“Ikigai & Tasukeai Summit in Osaka” was held at Osaka Prefecture International Convention Center (Grand Cube Osaka) on September 9 and 10, 2019, sponsored by the Sawayaka Welfare Foundation.
During the summit, ILC-Japan organized a session titled “How do other countries support lives of older people through mutual-help activities in communities?” on September 10 from 12:30 to 14:30.
|Moderator: Shinichi Ogami (Director, ILC-Japan)|
|■Part 1: Presentations|
|12:30-12:50||Shift toward “independence,” “participatory network society” and “community building” in European countries|
|Yoko Matsuoka (Associate Professor, Faculty of Humanity, Tokyo Kasei University)|
|12:50-13:20||Building a society where everyone can play their best role: Reablement in the UK as an example|
|Tomohiro Kamata (Guest Lecturer, Division of Health Sciences at Osaka University Graduate School of Medicine; CEO, TRAPE)|
|13:20-13:35||Lives of centenarians in South Korean communities|
|Sung-Kook Lee (Professor, Kyungpook National University)|
|13:35-13:50||Mutual support and mutual help in Shanghai, China|
|Lizhong Ma (Director, Research Center for East Asia, Shanghai University)|
|■Part 2: Panel discussion|
|13:50-14:30||Panelists: All the presenters
Coordinator: Shinichi Ogami
(From left) Mr. Ma, Mr. Lee, Mr. Ogami, Mr. Kamata and Ms. Matsuoka
In the Parallel Session 51, we had four presentations and a panel discussion based on the presentations.
Ms. Matsuoka, the first presenter, reported on the paradigm shift in developed countries. The new paradigm not only focuses on promotion of independence among older people but also shifts the idea of support for older people, from “using formal systems only” to “supporting their independence and participation in communities.” In 2013, the Dutch King announced the shift from the welfare state to a participation society where people would take responsibility for their own lives and immediate surroundings.
In Denmark, since 2015, the focus has been on support for local voluntary organizations and development of hubs. When people start needing support, they would generally receive intensive rehabilitation so that they can continue to live at home.
Also in Australia, since 2015, support for older people has thoroughly shifted its focus from “providing services for them” to “finding their strengths and abilities.”
These are just a few examples to show how developed countries further promote independence of older people and development of community resources such as voluntary organizations.
Next, Mr. Kamata introduced “reablement services” in the UK. The fundamental principle of these services, which have been growing recently in the country, is “for everyone to have a better life by having a role in a community.” To this end, municipal reablement teams provide short-term intensive rehabilitation to older people, who have become frail due to isolation and other reasons, and link them to a variety of activities in communities.

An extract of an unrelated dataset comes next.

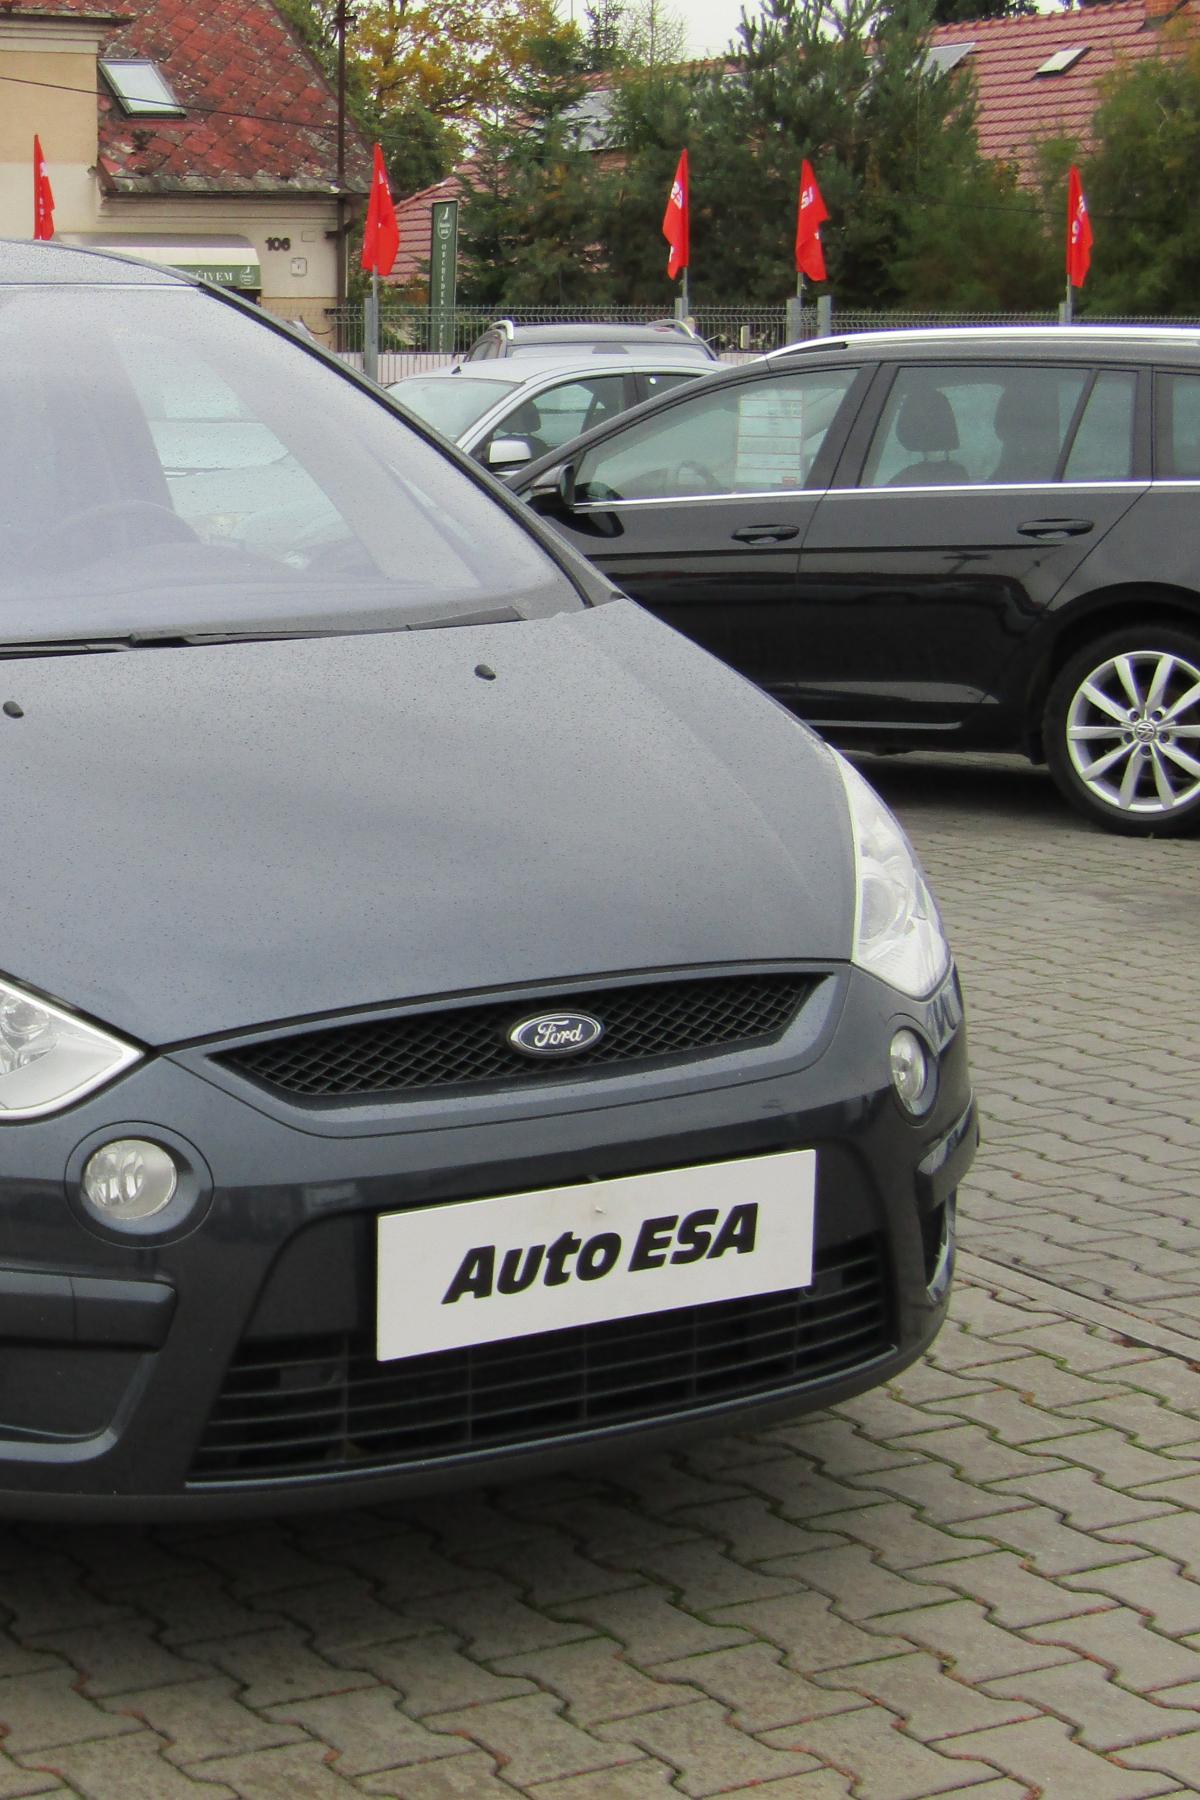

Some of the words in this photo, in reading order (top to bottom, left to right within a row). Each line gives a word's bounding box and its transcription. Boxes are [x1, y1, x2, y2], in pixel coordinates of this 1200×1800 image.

Mr. Lee from South Korea introduced tips for healthy longevity based on the findings of a study with centenarians, including: engaging in some kind of work every day, maintaining a healthy lifestyle, and having positive relationships with other people. He also reported that the “community-led social service policy” was about to start in South Korea so that people requiring care could receive services tailored to their needs in the familiar environment and stay connected in their own communities.
Mr. Ma, the last presenter, introduced the common understanding shared at the Northeast Asia Trilateral Forum in 2014: “Asia is aging. The population bonus keeps disappearing in East Asia as the population aging accelerates. This will have direct and negative effects on economic growth. Japan, China and South Korea, as the leading players in Asia, should further strengthen their cooperation.” He also introduced examples in Shanghai City, including lifelong learning programs and a mechanism for the young-old to support those aged 80+ (e.g., safety monitoring, homemaking, accompanying to hospitals, etc.).
Based on these presentations, this parallel session confirmed the significant paradigm shift at the global level toward social participation among older people. The participants also agreed that “building communities through mutual help,” which has been promoted in Japan, is a key agenda shared across the globe and should be the top priority.